Una de las principales transformaciones que se planean es la ampliación del área efectiva de la unidad minera, que pasará de 2,682.5 hectáreas a 4,601.47 hectáreas. Esta expansión permitirá no solo aumentar la capacidad de producción, sino también incorporar nuevos componentes que sostendrán el incremento de la producción de estaño. Minsur estima que la capacidad de su planta concentradora aumentará de 3,480 a aproximadamente 5,000 toneladas diarias, lo que representa un incremento del 44% en el procesamiento de mineral. Además, la planta de reaprovechamiento de relaves también verá un aumento significativo en su capacidad, pasando de 2,500 a cerca de 4,200 toneladas diarias, lo que implica un aumento del 68% en el tratamiento de relaves.

El contexto de esta inversión es relevante, ya que Minsur ha reportado un crecimiento en sus ganancias a pesar de una menor producción de estaño y oro en el último año. Esto sugiere que la compañía está buscando diversificar y optimizar su producción para asegurar su rentabilidad a largo plazo. La mina San Rafael ha estado operando desde 1977 y es una de las principales fuentes de estaño en la región, lo que la convierte en un activo estratégico tanto para la empresa como para la economía peruana.

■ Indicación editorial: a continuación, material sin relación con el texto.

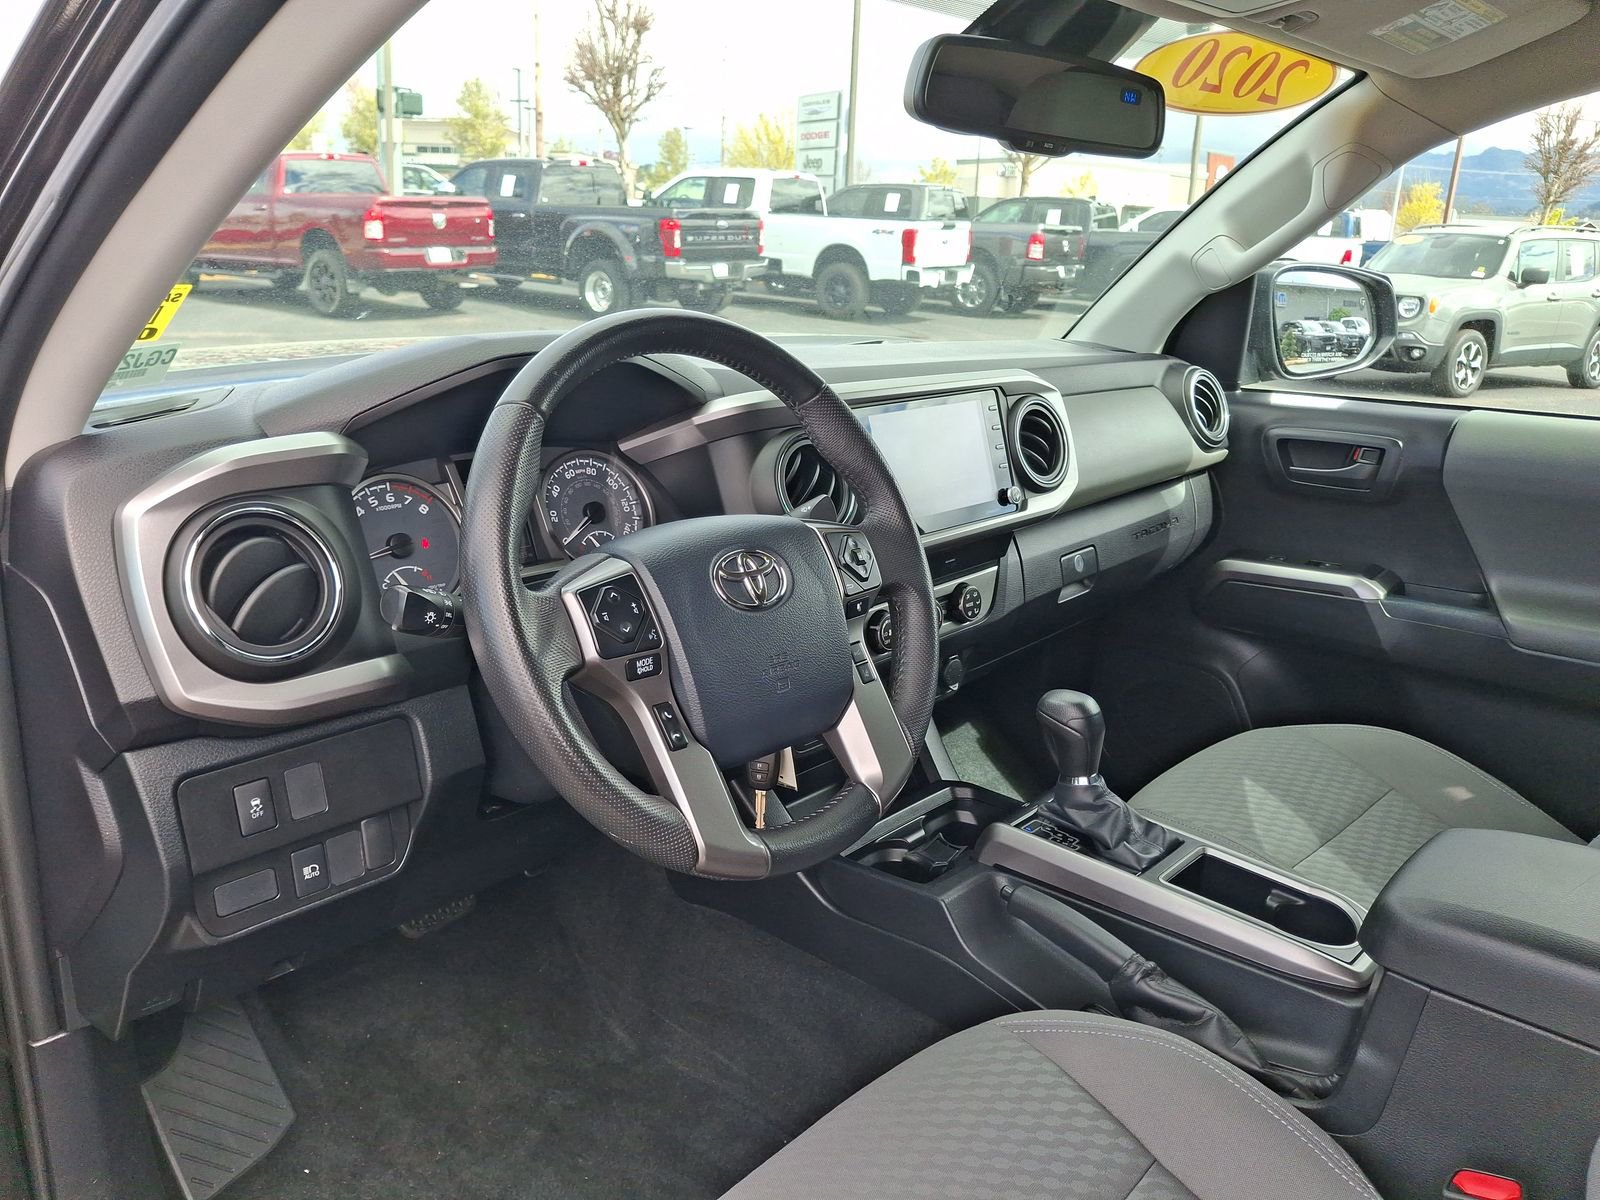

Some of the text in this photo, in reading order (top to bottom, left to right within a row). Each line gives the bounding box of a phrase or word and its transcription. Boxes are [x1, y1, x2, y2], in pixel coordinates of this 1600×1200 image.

Desde el punto de vista de los inversores, la decisión de Minsur de destinar más de USD 1,700 millones a la extensión de la mina San Rafael puede ser vista como una señal de confianza en la demanda futura de estaño. Este mineral es esencial en diversas industrias, incluyendo la electrónica y la fabricación de soldaduras, lo que podría traducirse en un aumento en los precios a medida que la producción se optimiza. Además, la estabilidad de la operación de Minsur podría ofrecer un refugio en un entorno de mercado volátil, especialmente considerando la creciente demanda de minerales en el contexto de la transición energética global.

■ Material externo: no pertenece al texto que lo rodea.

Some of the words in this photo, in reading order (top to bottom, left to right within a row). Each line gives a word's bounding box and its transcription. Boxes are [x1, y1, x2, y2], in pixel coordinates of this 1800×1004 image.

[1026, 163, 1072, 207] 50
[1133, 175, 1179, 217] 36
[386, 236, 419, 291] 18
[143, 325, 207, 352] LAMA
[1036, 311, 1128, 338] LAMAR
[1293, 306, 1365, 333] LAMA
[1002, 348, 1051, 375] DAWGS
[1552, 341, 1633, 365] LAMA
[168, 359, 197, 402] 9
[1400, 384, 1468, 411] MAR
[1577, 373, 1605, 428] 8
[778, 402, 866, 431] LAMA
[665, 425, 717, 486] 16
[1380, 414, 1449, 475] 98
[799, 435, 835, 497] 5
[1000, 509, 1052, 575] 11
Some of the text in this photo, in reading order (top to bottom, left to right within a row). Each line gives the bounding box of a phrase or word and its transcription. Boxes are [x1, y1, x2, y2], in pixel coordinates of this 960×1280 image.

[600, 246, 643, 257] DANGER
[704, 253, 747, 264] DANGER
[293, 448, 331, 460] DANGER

A futuro, será importante monitorear la evolución de este proyecto y su impacto en la producción de estaño en la región. La aprobación de la Evaluación Ambiental por parte del Senace será un hito clave, así como el avance en la implementación de las nuevas infraestructuras y ajustes operativos. Los próximos años serán cruciales para determinar si Minsur puede cumplir con sus proyecciones de producción y si la inversión realizada se traduce en un crecimiento sostenible y rentable para la empresa.